Material provided section start
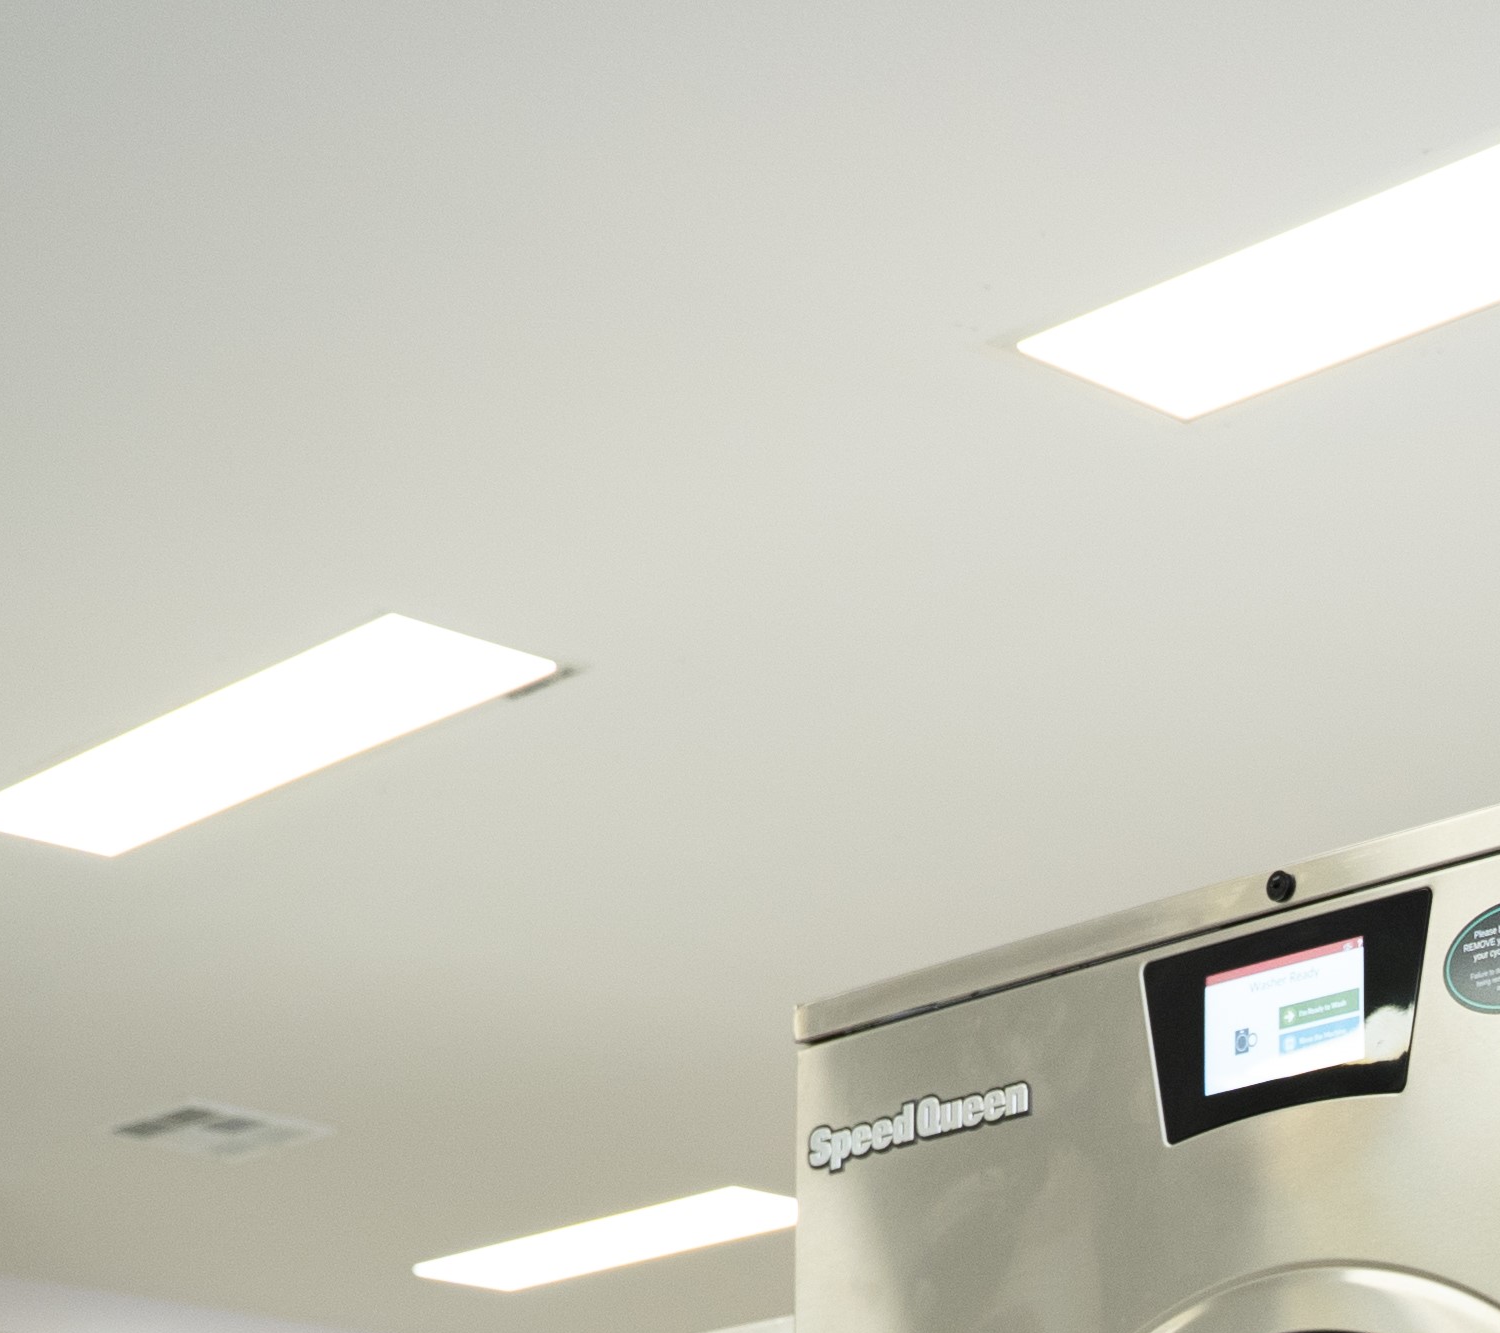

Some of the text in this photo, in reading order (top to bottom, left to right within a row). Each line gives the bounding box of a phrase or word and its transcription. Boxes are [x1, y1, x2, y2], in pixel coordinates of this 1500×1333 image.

[1474, 928, 1497, 939] Please
[1463, 938, 1496, 952] REMOVE
[1473, 951, 1488, 963] your
[808, 1081, 1029, 1171] Speed Queen
Material provided section end
All lines of the listing must be given again exactly, excluding the pictures.

Your response
Some of the text in this photo, in reading order (top to bottom, left to right within a row). Each line gives the bounding box of a phrase or word and its transcription. Boxes are [x1, y1, x2, y2], in pixel coordinates of this 1500×1333 image.

[1474, 928, 1497, 939] Please
[1463, 938, 1496, 952] REMOVE
[1473, 951, 1488, 963] your
[808, 1081, 1029, 1171] Speed Queen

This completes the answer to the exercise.